Baseline characteristics of the aseptic failure and PJI groups were compared using the Wilcoxon rank-sum or chi-square test, as appropriate. Sensitivity; specificity; positive predictive value; negative predictive value; and the accuracy of PMNs per HPF, CRP level, and ESR were based on a summary 2×2 table created for each test.

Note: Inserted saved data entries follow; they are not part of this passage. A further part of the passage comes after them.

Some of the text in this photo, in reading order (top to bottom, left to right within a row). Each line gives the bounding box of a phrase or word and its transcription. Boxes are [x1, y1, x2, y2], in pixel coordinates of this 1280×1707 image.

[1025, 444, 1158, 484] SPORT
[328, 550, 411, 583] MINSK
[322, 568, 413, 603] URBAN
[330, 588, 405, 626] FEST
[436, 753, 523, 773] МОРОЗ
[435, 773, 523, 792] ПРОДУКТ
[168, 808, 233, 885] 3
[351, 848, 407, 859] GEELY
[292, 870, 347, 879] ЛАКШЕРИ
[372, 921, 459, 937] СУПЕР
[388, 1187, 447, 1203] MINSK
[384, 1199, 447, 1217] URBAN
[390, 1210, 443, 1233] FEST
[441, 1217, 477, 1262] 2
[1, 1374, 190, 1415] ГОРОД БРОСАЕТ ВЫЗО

A P value of less than 0.05 (for a 2-sided test) was considered statistically significant, and 95% confidence intervals were calculated as exact binomial confidence intervals. SPSS version 19.0 software was used to process other data.

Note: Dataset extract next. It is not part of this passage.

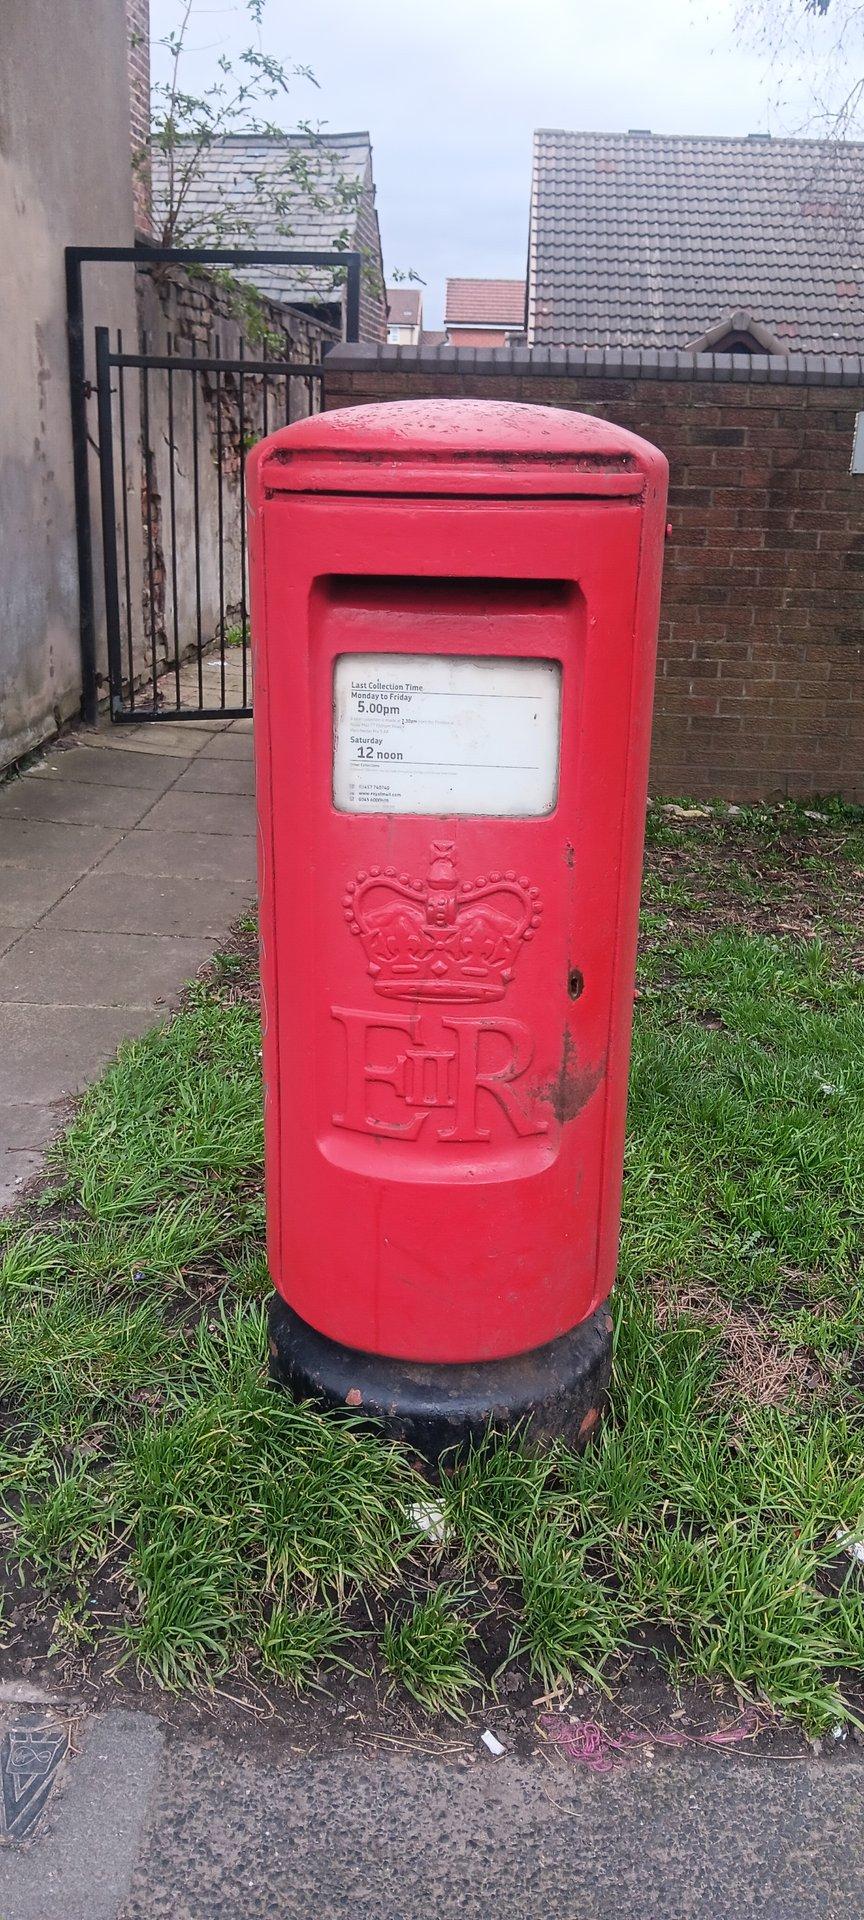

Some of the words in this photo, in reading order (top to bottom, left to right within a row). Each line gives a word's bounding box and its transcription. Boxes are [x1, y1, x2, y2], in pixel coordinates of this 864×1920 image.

ROC curves plotted with the use of MedCalc version 13.0 were used to examine the relationship between sensitivity and false-positive rate (100-specificity) based on the attributes of assignment into the infected or noninfected group. The area under the curve (AUC) was calculated for assessing diagnosis utility. An AUC of 1 demonstrates an ideal test with 100% sensitivity and 100% specificity, whereas an AUC of <0.5 indicates that the diagnostic test is less useful.

Results

A total of 177 painful joint arthroplasties were identified, but 21 were later excluded owing to incomplete data or other reasons. Our final sample comprised 37 infection-related procedures (average age, 69.1 years; range, 41–86 years) and 119 noninfection-related procedures (average age, 63.9 years; range, 23–87 years).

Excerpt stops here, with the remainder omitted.